Sentado sobre uma rocha em frente aos dois montículos de areia, Guilherme jogava folhas secas aos pés do enterro dos corpos indigentes. Estava no meio do nada, num lugar onde julgou que ninguém iria. Havia cavado a madrugada inteira para enterrar os cadáveres inchados e fétidos como um cargueiro de pesca. A luz fria do sol da manhã não conseguia encher totalmente o bosque desconhecido, dando ao orvalho um reforço de obscuridade à sua algidez. Guilherme respirou fundo, e deu um riso discreto, carregado de agonia:
— Só que é bem fácil imaginar vocês dois furiosos comigo, agora.

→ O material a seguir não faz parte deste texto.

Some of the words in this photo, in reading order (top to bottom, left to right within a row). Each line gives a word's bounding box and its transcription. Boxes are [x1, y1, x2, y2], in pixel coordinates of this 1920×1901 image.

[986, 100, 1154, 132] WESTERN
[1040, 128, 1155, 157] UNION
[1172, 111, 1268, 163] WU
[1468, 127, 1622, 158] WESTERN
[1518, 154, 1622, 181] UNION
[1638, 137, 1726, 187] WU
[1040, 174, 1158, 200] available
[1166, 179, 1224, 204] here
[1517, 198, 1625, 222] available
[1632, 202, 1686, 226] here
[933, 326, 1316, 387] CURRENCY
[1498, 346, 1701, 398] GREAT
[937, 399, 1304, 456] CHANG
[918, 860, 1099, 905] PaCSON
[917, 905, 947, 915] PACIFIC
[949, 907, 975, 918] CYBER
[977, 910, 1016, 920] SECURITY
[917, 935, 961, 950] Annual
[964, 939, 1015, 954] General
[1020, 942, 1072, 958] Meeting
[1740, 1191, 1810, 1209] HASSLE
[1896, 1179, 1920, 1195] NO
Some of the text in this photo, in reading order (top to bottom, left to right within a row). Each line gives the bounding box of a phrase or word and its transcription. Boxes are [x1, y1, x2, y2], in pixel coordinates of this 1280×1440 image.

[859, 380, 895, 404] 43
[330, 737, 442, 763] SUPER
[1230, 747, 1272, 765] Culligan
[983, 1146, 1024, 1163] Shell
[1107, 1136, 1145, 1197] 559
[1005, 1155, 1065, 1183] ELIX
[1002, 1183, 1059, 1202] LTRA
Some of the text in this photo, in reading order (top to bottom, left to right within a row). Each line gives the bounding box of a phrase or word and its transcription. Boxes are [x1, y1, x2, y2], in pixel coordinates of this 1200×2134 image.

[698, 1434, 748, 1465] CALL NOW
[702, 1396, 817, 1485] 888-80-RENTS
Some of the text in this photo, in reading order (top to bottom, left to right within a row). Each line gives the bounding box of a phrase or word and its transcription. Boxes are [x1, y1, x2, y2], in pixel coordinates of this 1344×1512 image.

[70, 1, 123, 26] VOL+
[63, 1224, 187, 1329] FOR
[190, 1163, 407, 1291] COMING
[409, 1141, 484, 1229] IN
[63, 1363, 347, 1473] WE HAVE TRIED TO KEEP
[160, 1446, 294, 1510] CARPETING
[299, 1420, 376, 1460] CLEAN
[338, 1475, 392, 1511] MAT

Jogou fora o último pedaço de planta e caminhou através da garoa no chuvisco em direção à estrada. Era lá onde seu carro estava. Aquele carro maltratado, ele era a única coisa que havia sobrado – A única coisa que fazia Breno Guilherme olhar para trás. Havia uma boa vida a abandonar nas estradas cinzentas que levavam à terra dos paulistas, mas ele não podia voltar e destruir as vidas que tanto amava em casa.
Ele não sabia aonde estava indo, afinal Escobar não era o pai mais presente, e muito menos um homem que costumava fincar raízes. O mais novo historiador, porém, sabia que seu pai gostava muito das praias em Maceió, e que esta era a melhor época para elas. Escobar era o único apoio com o qual podia contar. Guilherme não queria envolver Cândida, sua mãe, em seus tão terríveis problemas. Ela era frágil como uma taça de cristal em todos os sentidos possíveis. E muito mais além disso, havia investido tudo nele, para que fosse o historiador que desde a infância desejou ser. Como explicar tamanha loucura com 0 poder de reduzir seu futuro a cinzas? No lugar de sua mãe, ele não gostaria de ouvir isso, então não tinha a coragem para também dizê-lo.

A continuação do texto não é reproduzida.